> [Work instructions] Without the pictures, set down the records below word for word.

> [Information shown]
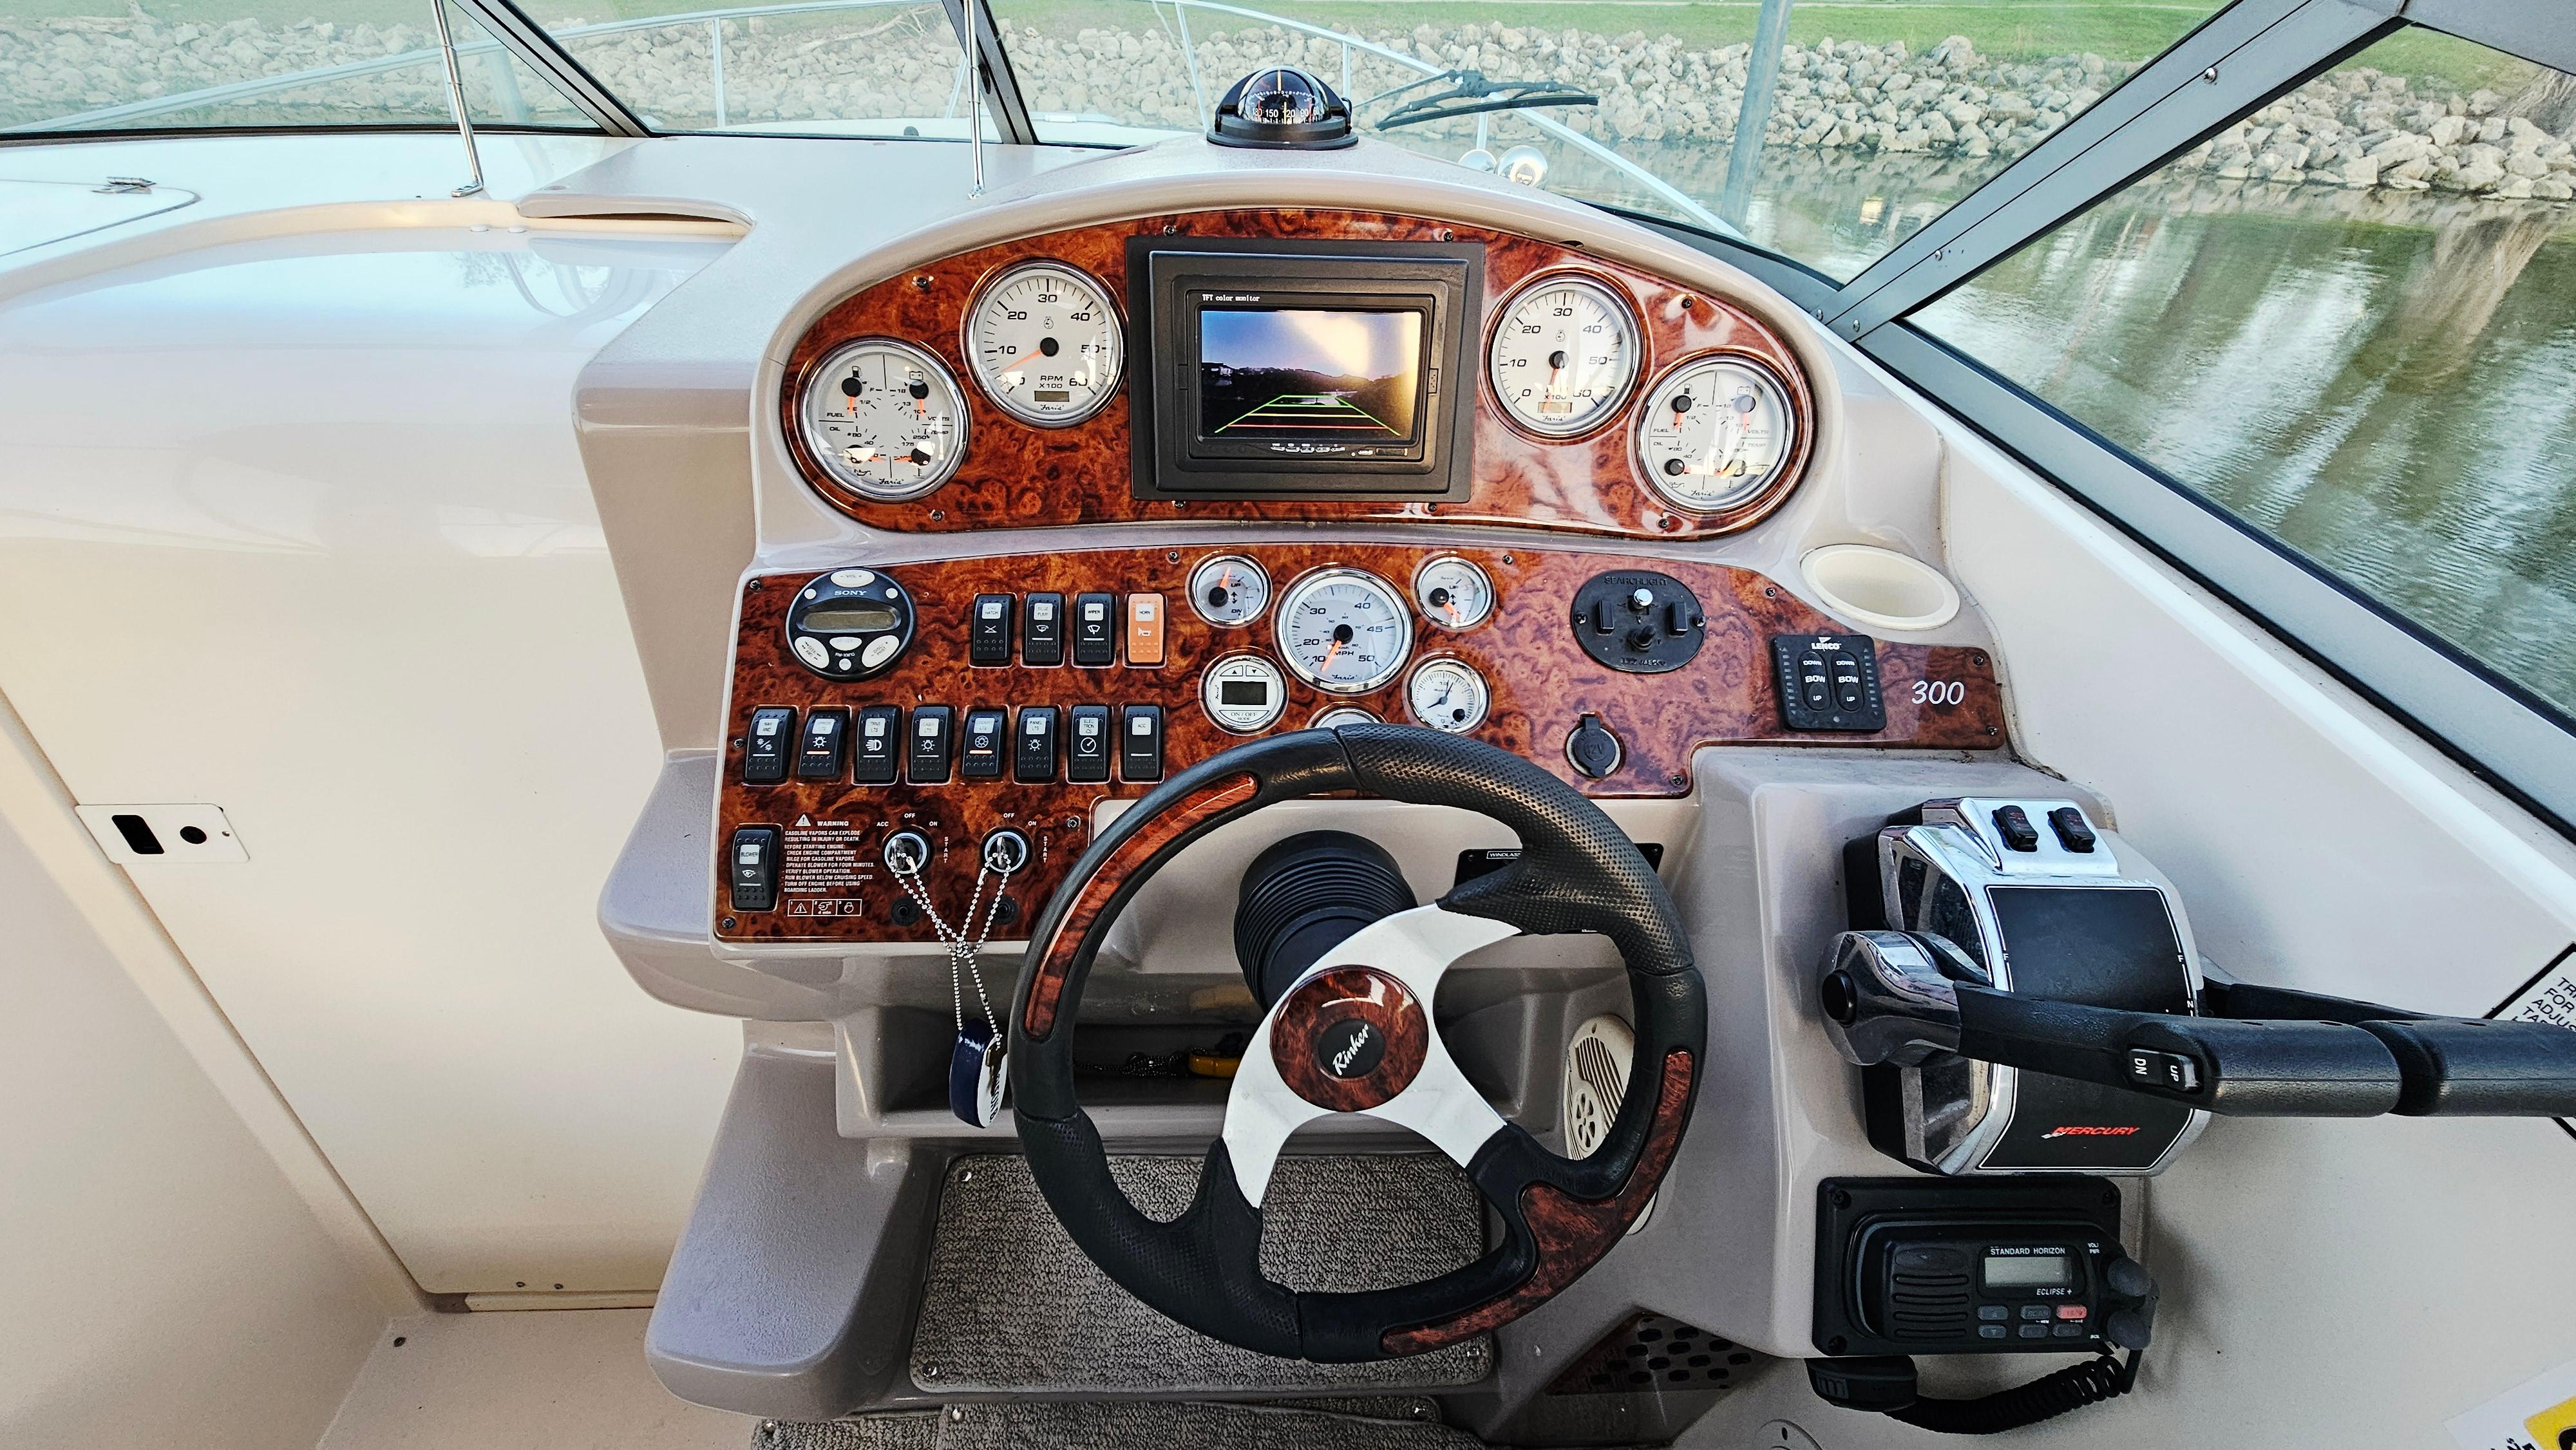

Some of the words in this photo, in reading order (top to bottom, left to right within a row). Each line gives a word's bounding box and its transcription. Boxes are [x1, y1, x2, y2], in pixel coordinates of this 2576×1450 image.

[1265, 109, 1279, 117] 150
[1285, 109, 1296, 117] 20
[1038, 294, 1057, 303] 30
[1007, 312, 1027, 320] 20
[1071, 312, 1090, 321] 40
[1553, 308, 1573, 317] 30
[1522, 325, 1541, 334] 20
[1583, 325, 1602, 334] 40
[998, 346, 1017, 354] 10
[1081, 344, 1100, 353] 50
[1522, 389, 1531, 397] 0
[1604, 576, 1667, 586] SEARCHLIGHT
[1911, 681, 1965, 705] 300
[2557, 977, 2576, 998] TR
[2544, 988, 2575, 1013] FOR
[1332, 1024, 1368, 1075] Rinker
[2134, 1058, 2147, 1075] DN
[2170, 1065, 2179, 1082] UP
[2052, 1126, 2140, 1136] MERCURY
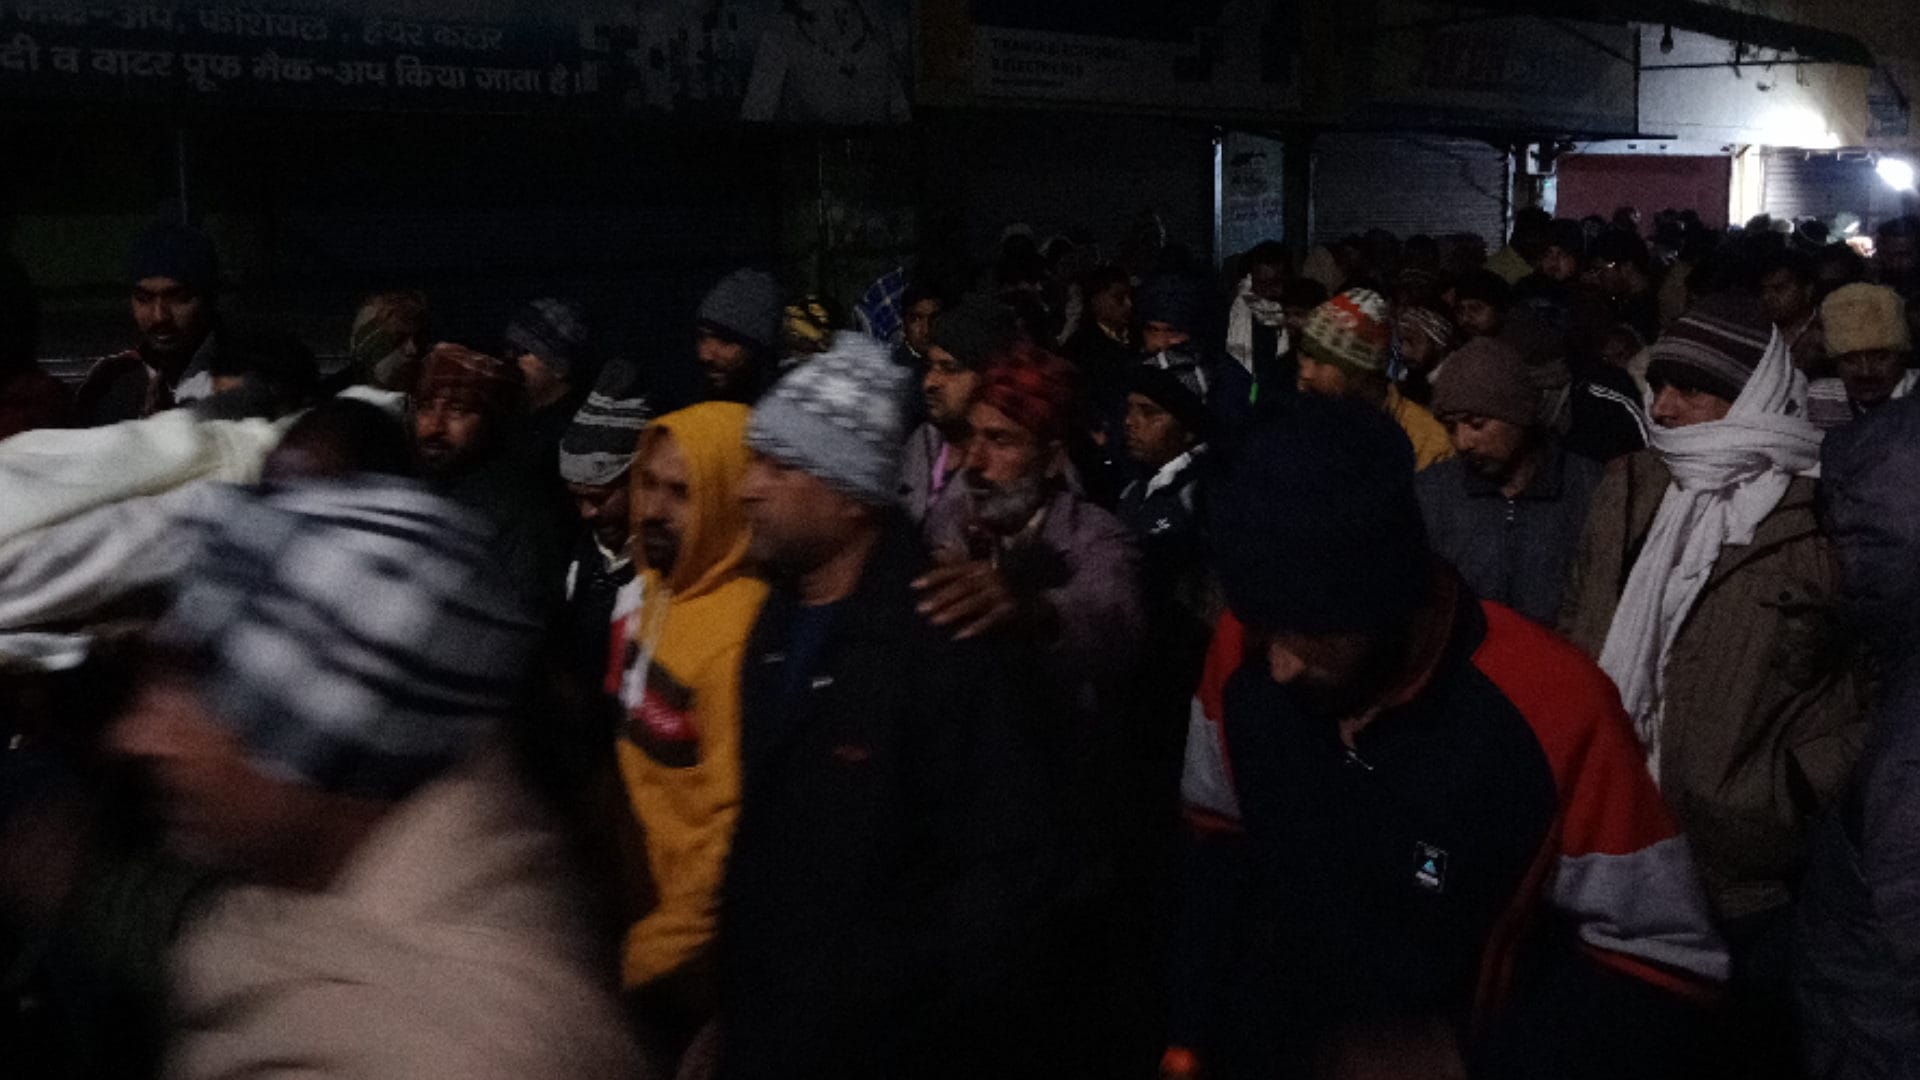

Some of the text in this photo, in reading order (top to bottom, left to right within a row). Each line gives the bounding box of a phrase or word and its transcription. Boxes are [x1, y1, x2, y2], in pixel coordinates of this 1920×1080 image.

[90, 47, 174, 76] वाटर
[394, 54, 466, 88] किया
[473, 66, 541, 93] जाता
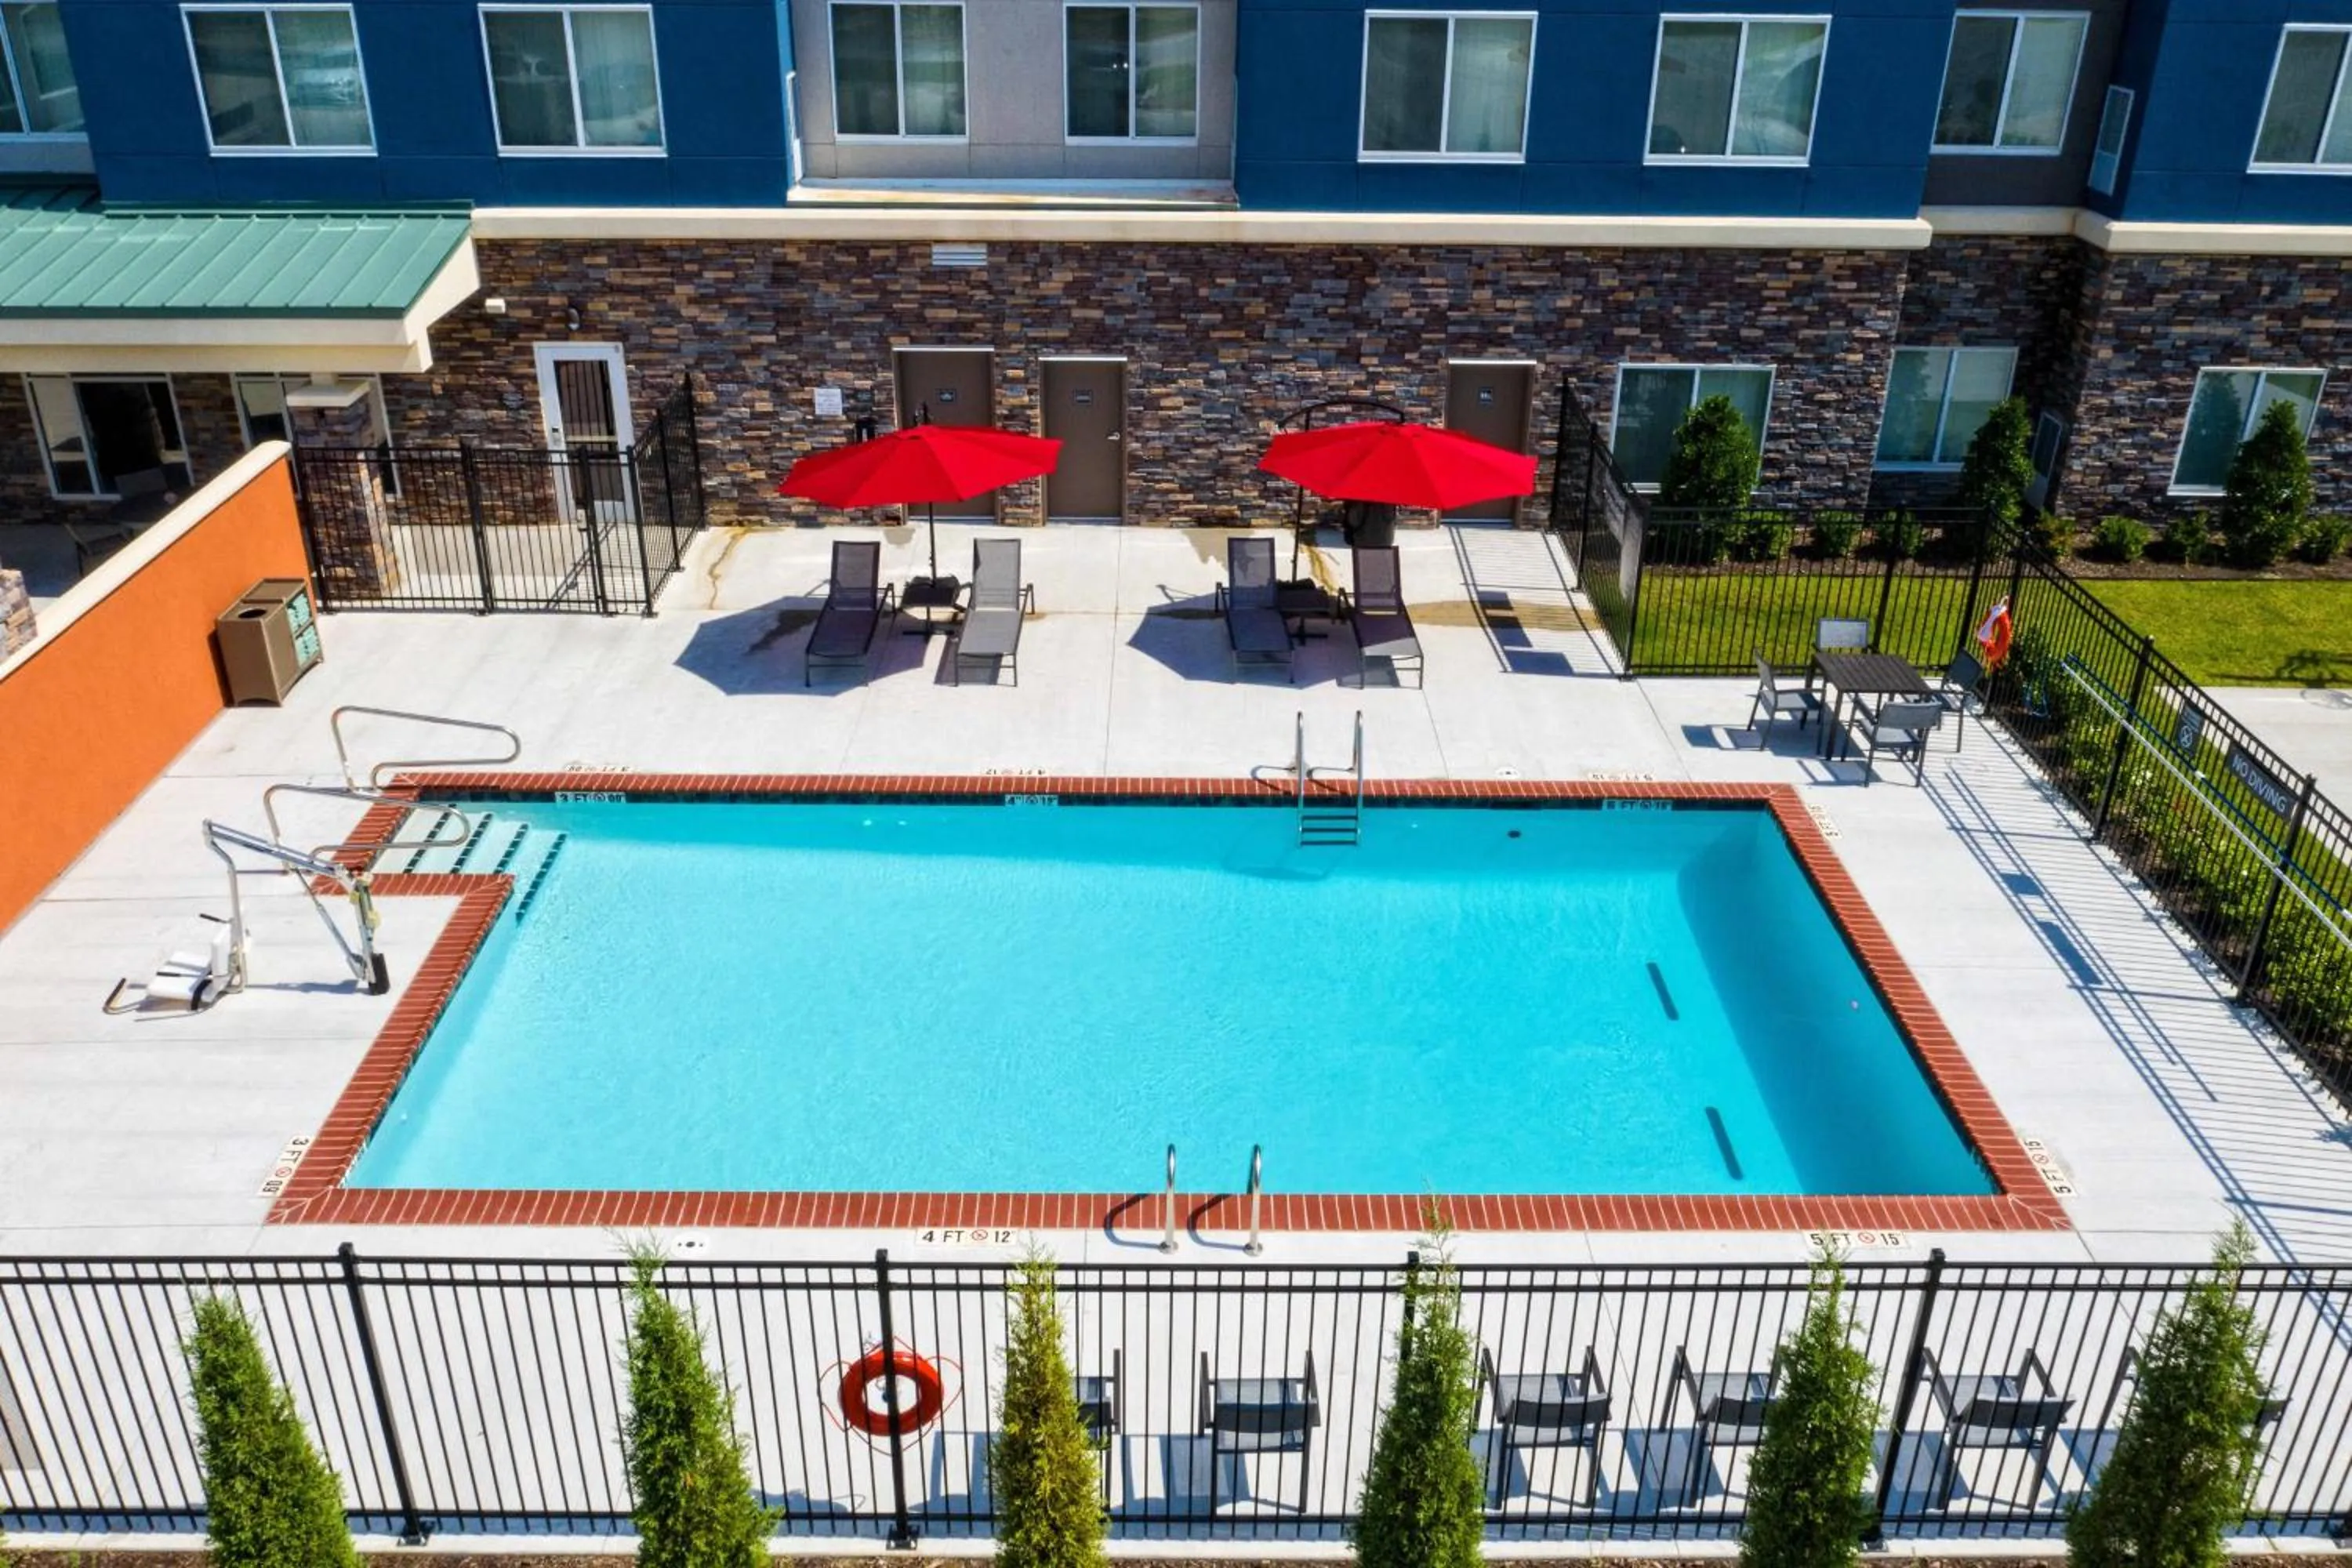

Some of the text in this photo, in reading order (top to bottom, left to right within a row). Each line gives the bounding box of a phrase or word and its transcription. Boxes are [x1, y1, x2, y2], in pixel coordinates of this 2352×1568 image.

[2248, 771, 2288, 812] DIVING
[281, 1150, 303, 1164] FT
[2042, 1168, 2064, 1181] FT
[922, 1230, 935, 1243] 4
[943, 1230, 965, 1243] FT
[1809, 1233, 1825, 1246] 5
[1831, 1232, 1851, 1246] FT

> [Answer box]
Some of the words in this photo, in reading order (top to bottom, left to right within a row). Each line gives a word's bounding box and its transcription. Boxes are [x1, y1, x2, y2], in pixel coordinates of this 2576×1450 image.

[1265, 109, 1279, 117] 150
[1285, 109, 1296, 117] 20
[1038, 294, 1057, 303] 30
[1007, 312, 1027, 320] 20
[1071, 312, 1090, 321] 40
[1553, 308, 1573, 317] 30
[1522, 325, 1541, 334] 20
[1583, 325, 1602, 334] 40
[998, 346, 1017, 354] 10
[1081, 344, 1100, 353] 50
[1522, 389, 1531, 397] 0
[1604, 576, 1667, 586] SEARCHLIGHT
[1911, 681, 1965, 705] 300
[2557, 977, 2576, 998] TR
[2544, 988, 2575, 1013] FOR
[1332, 1024, 1368, 1075] Rinker
[2134, 1058, 2147, 1075] DN
[2170, 1065, 2179, 1082] UP
[2052, 1126, 2140, 1136] MERCURY

Some of the text in this photo, in reading order (top to bottom, left to right within a row). Each line gives the bounding box of a phrase or word and its transcription. Boxes are [x1, y1, x2, y2], in pixel coordinates of this 1920×1080 image.

[90, 47, 174, 76] वाटर
[394, 54, 466, 88] किया
[473, 66, 541, 93] जाता

Some of the text in this photo, in reading order (top to bottom, left to right within a row). Each line gives the bounding box of a phrase or word and its transcription. Boxes are [x1, y1, x2, y2], in pixel coordinates of this 2352×1568 image.

[2248, 771, 2288, 812] DIVING
[281, 1150, 303, 1164] FT
[2042, 1168, 2064, 1181] FT
[922, 1230, 935, 1243] 4
[943, 1230, 965, 1243] FT
[1809, 1233, 1825, 1246] 5
[1831, 1232, 1851, 1246] FT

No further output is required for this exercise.